Instructions for the task → Below is a set of records. Repeat them verbatim without the pictures.

Information shown →
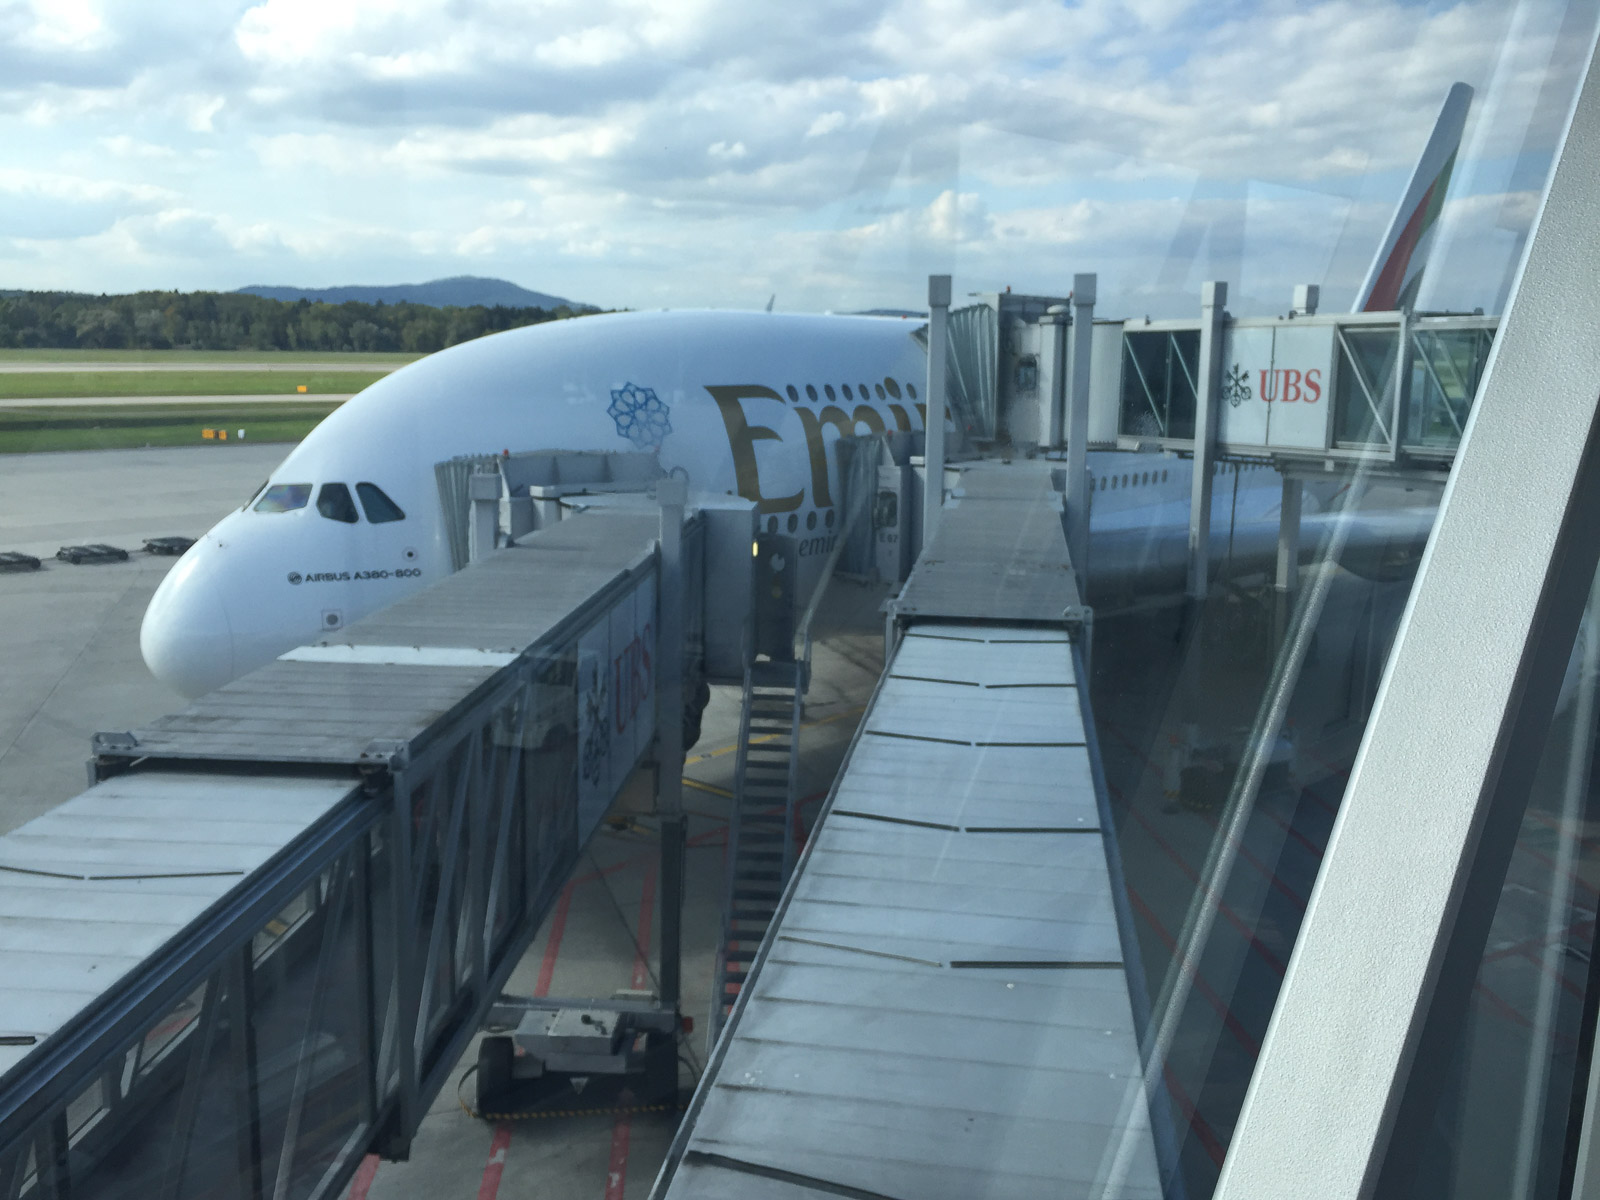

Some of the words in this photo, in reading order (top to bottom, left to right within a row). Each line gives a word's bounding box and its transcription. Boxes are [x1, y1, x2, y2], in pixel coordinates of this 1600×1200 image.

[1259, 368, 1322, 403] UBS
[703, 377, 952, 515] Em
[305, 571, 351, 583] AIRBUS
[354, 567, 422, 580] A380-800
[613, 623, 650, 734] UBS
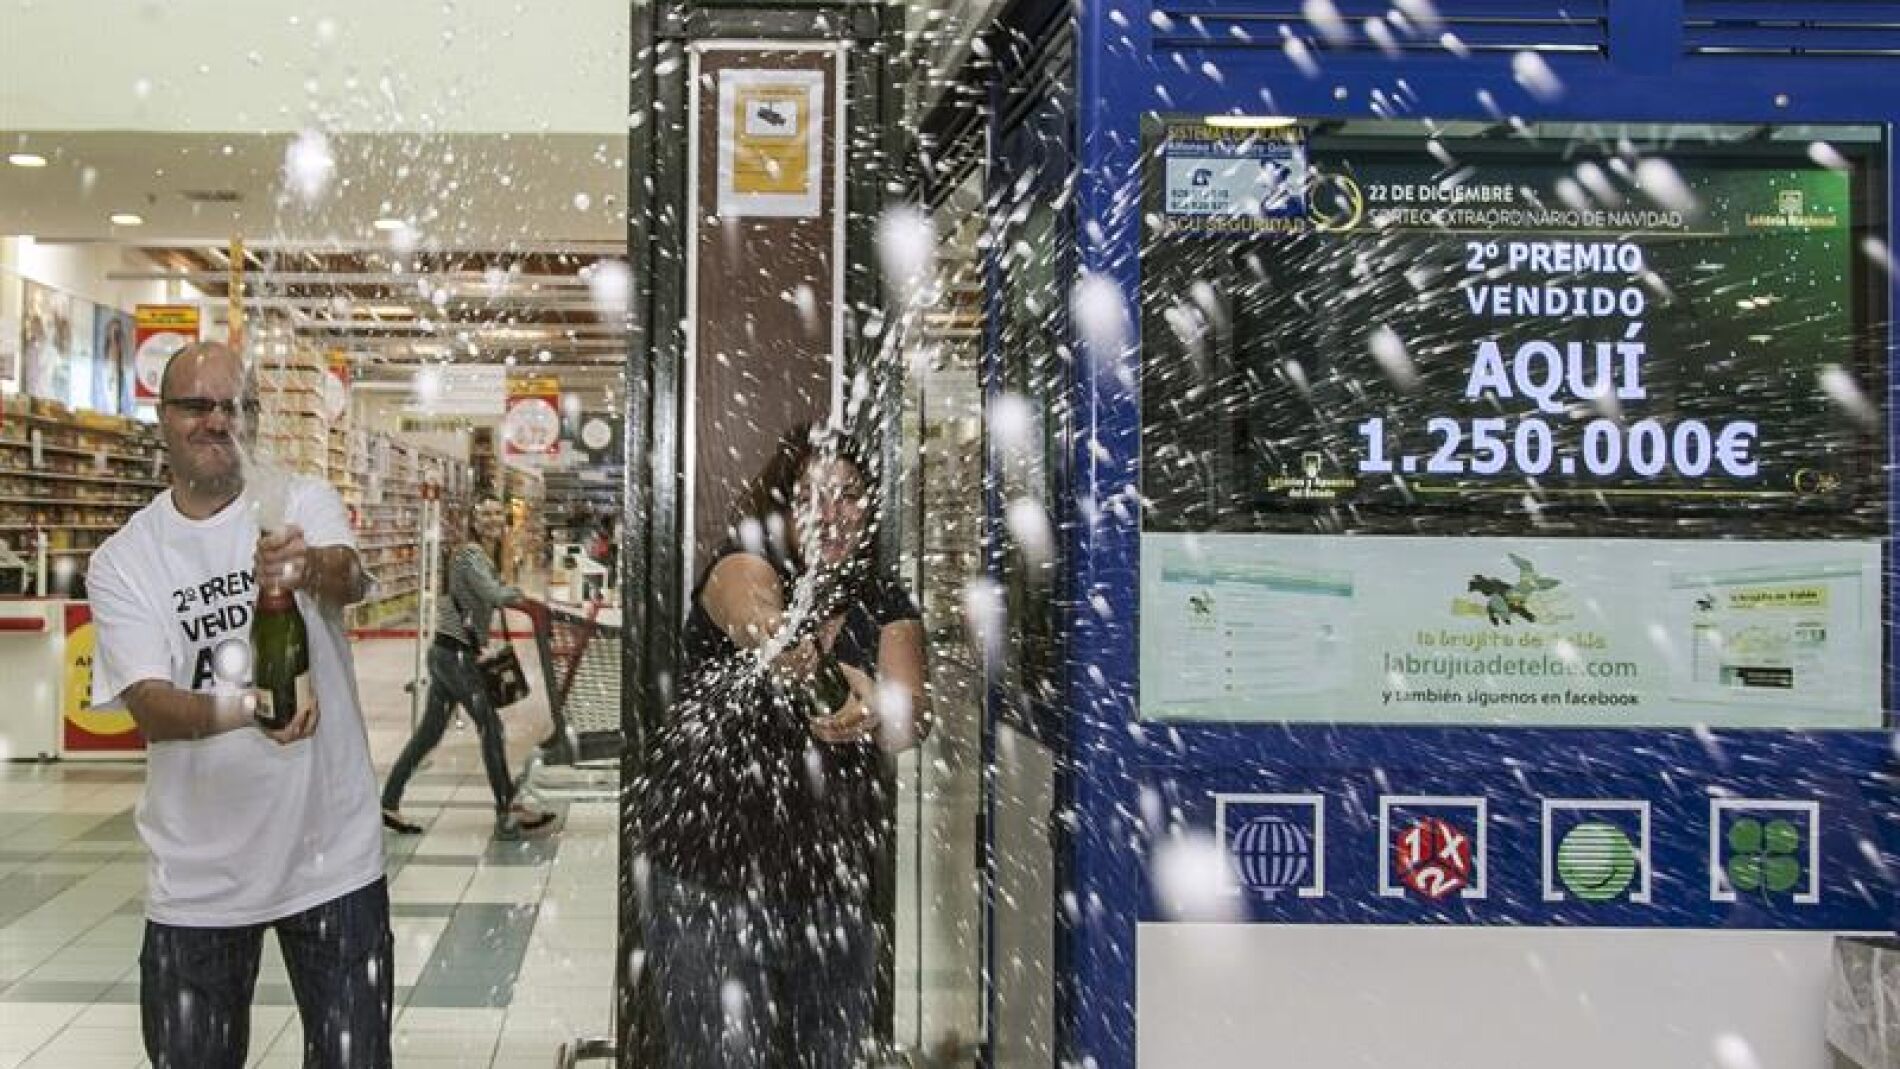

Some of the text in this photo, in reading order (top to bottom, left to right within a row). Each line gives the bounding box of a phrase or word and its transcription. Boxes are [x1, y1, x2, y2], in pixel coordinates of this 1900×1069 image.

Task result →
Some of the words in this photo, in reading order (top to bottom, left to right within a row). Each line gives a word's bounding box and its transcription. Boxes are [x1, y1, x2, y2], in pixel coordinates of this 1600×1200 image.

[1259, 368, 1322, 403] UBS
[703, 377, 952, 515] Em
[305, 571, 351, 583] AIRBUS
[354, 567, 422, 580] A380-800
[613, 623, 650, 734] UBS

Some of the text in this photo, in reading order (top to bottom, left to right within a row). Each line gives the bounding box of a phrase or word and its transcription. Boxes are [x1, y1, x2, y2], in pixel coordinates of this 1900×1069 image.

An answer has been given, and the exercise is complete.